→ Text-to-region grounding data
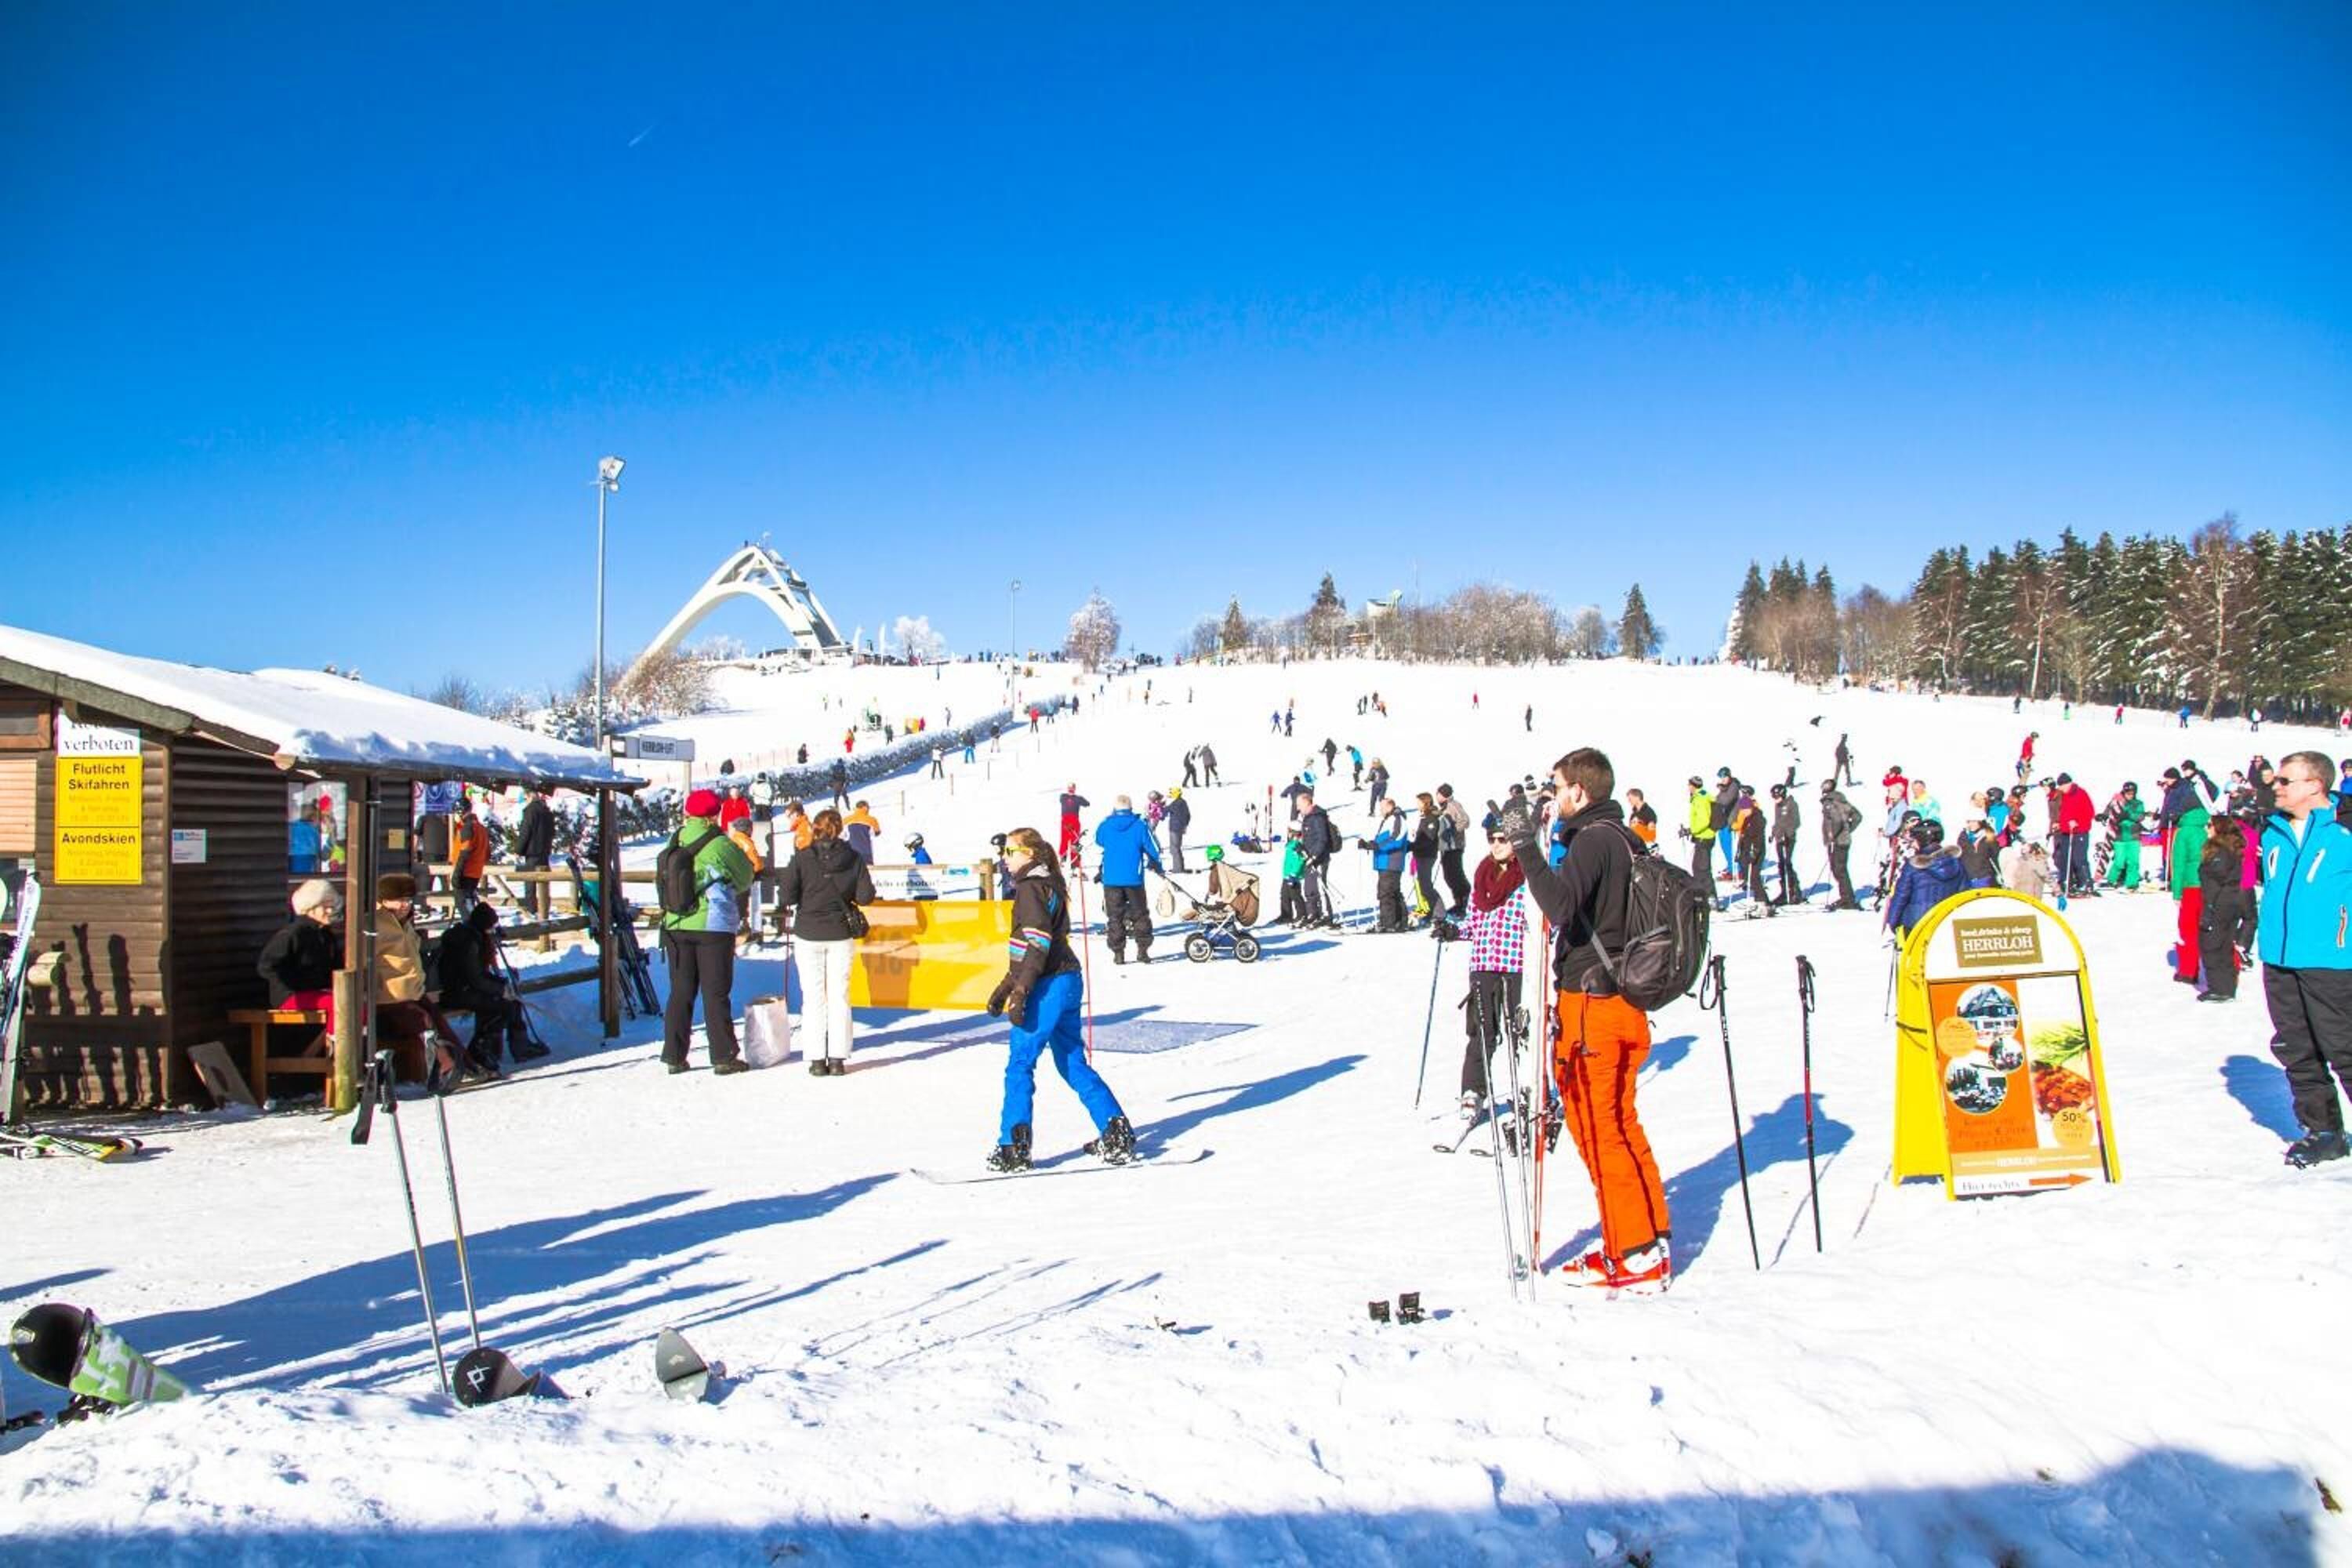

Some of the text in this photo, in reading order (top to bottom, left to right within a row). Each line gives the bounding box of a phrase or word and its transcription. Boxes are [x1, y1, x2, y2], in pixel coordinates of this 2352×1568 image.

[64, 735, 133, 750] verboten
[73, 763, 125, 775] Flutlicht
[68, 779, 129, 789] Skifahren
[62, 833, 136, 844] Avondskien
[1962, 936, 2033, 953] HERRLOH

→ Task to carry out
An exact reproduction of the data above is required, with every picture removed.

→ Task solution
Some of the text in this photo, in reading order (top to bottom, left to right within a row). Each line gives the bounding box of a phrase or word and its transcription. Boxes are [x1, y1, x2, y2], in pixel coordinates of this 2352×1568 image.

[64, 735, 133, 750] verboten
[73, 763, 125, 775] Flutlicht
[68, 779, 129, 789] Skifahren
[62, 833, 136, 844] Avondskien
[1962, 936, 2033, 953] HERRLOH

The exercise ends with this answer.